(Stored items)
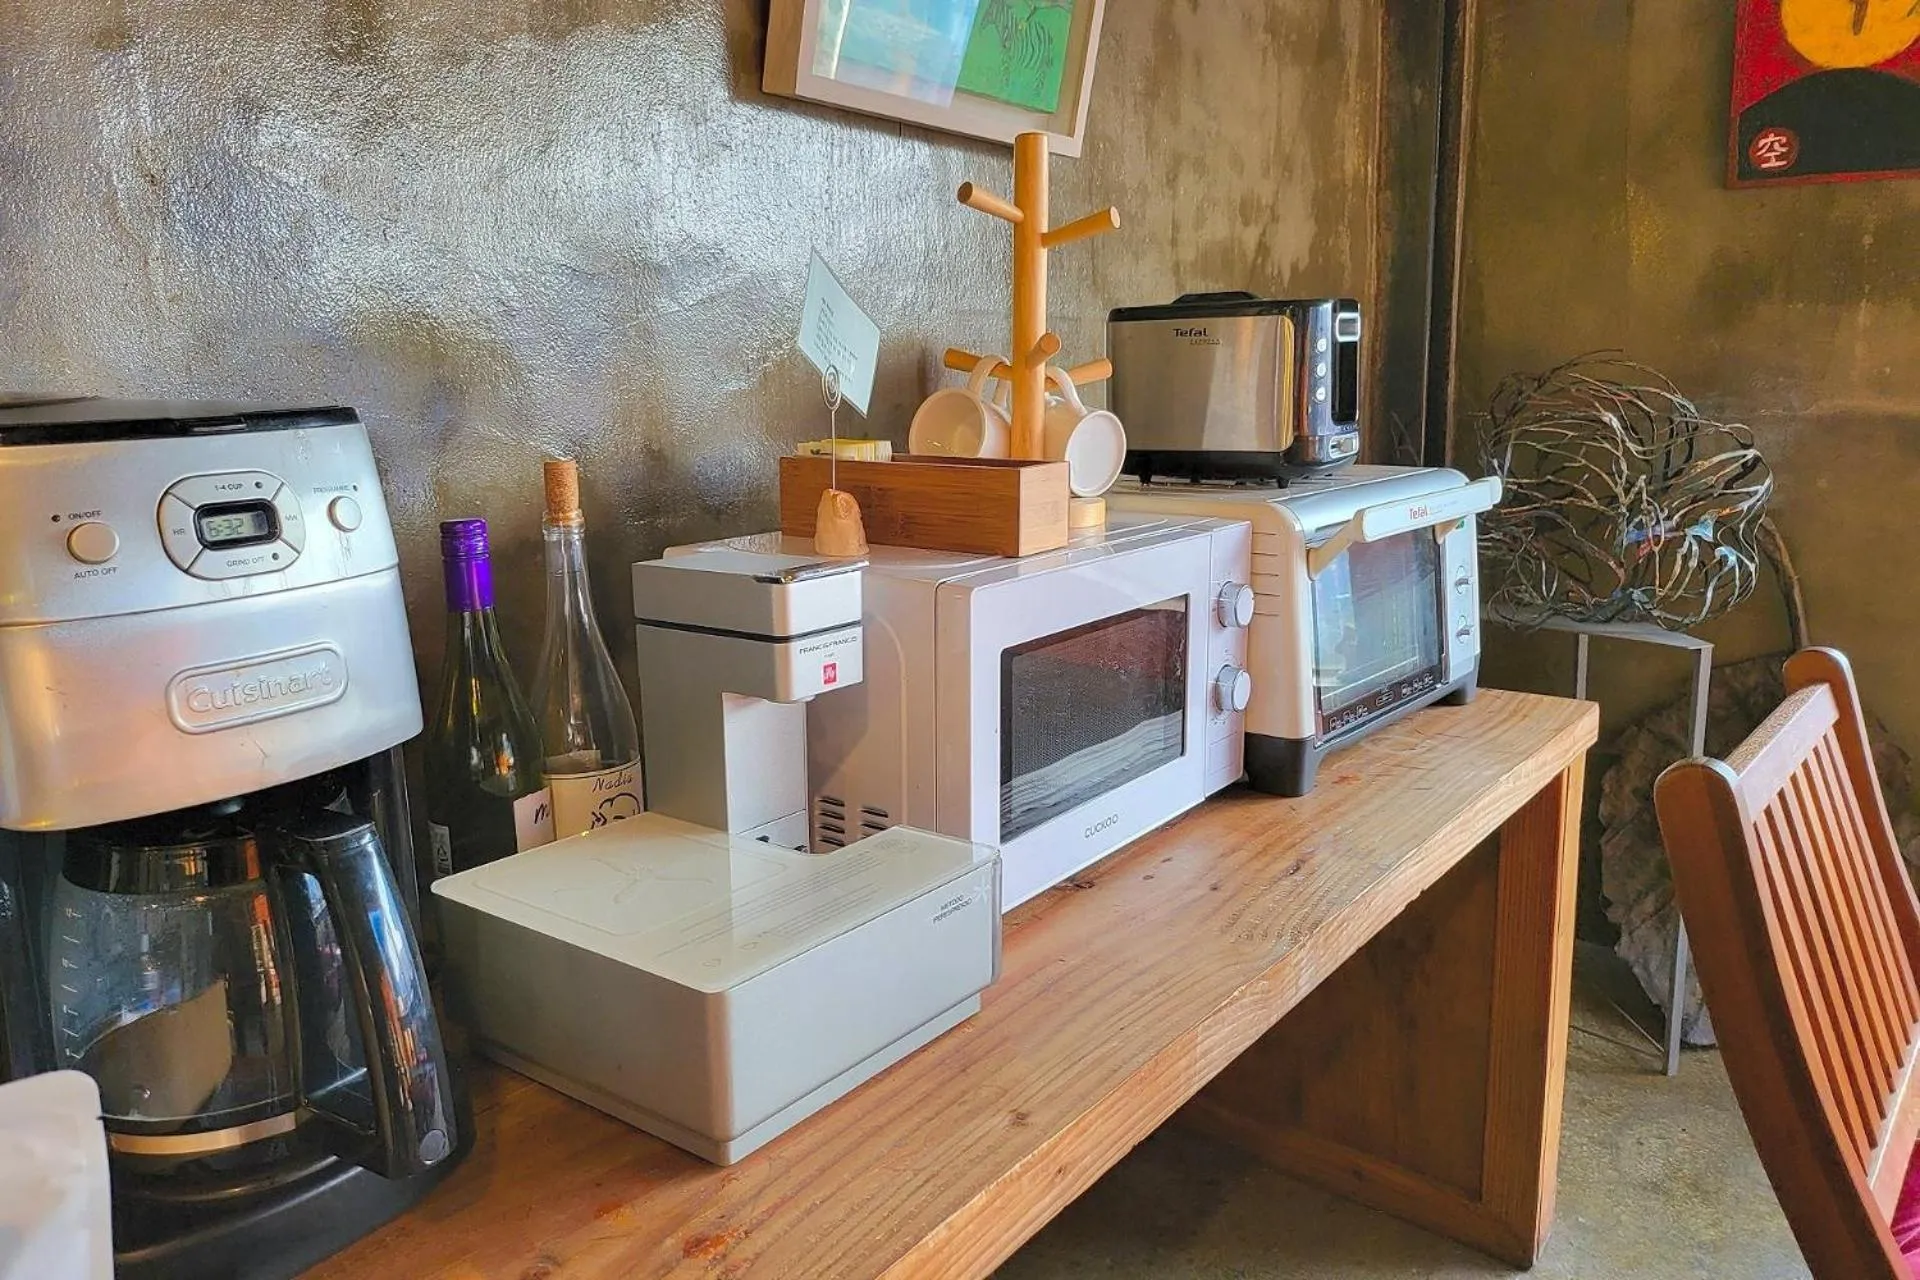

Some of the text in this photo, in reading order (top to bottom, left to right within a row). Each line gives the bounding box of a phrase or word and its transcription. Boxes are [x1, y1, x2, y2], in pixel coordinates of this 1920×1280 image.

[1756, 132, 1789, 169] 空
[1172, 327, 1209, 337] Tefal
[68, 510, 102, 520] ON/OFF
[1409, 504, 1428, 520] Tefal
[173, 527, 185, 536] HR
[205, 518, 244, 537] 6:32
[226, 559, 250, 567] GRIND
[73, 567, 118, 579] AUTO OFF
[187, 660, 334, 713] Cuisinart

| Instructions to follow |
Could you copy each line above exactly as written, minus any pictures?

| Solution below |
Some of the text in this photo, in reading order (top to bottom, left to right within a row). Each line gives the bounding box of a phrase or word and its transcription. Boxes are [x1, y1, x2, y2], in pixel coordinates of this 1920×1280 image.

[1756, 132, 1789, 169] 空
[1172, 327, 1209, 337] Tefal
[68, 510, 102, 520] ON/OFF
[1409, 504, 1428, 520] Tefal
[173, 527, 185, 536] HR
[205, 518, 244, 537] 6:32
[226, 559, 250, 567] GRIND
[73, 567, 118, 579] AUTO OFF
[187, 660, 334, 713] Cuisinart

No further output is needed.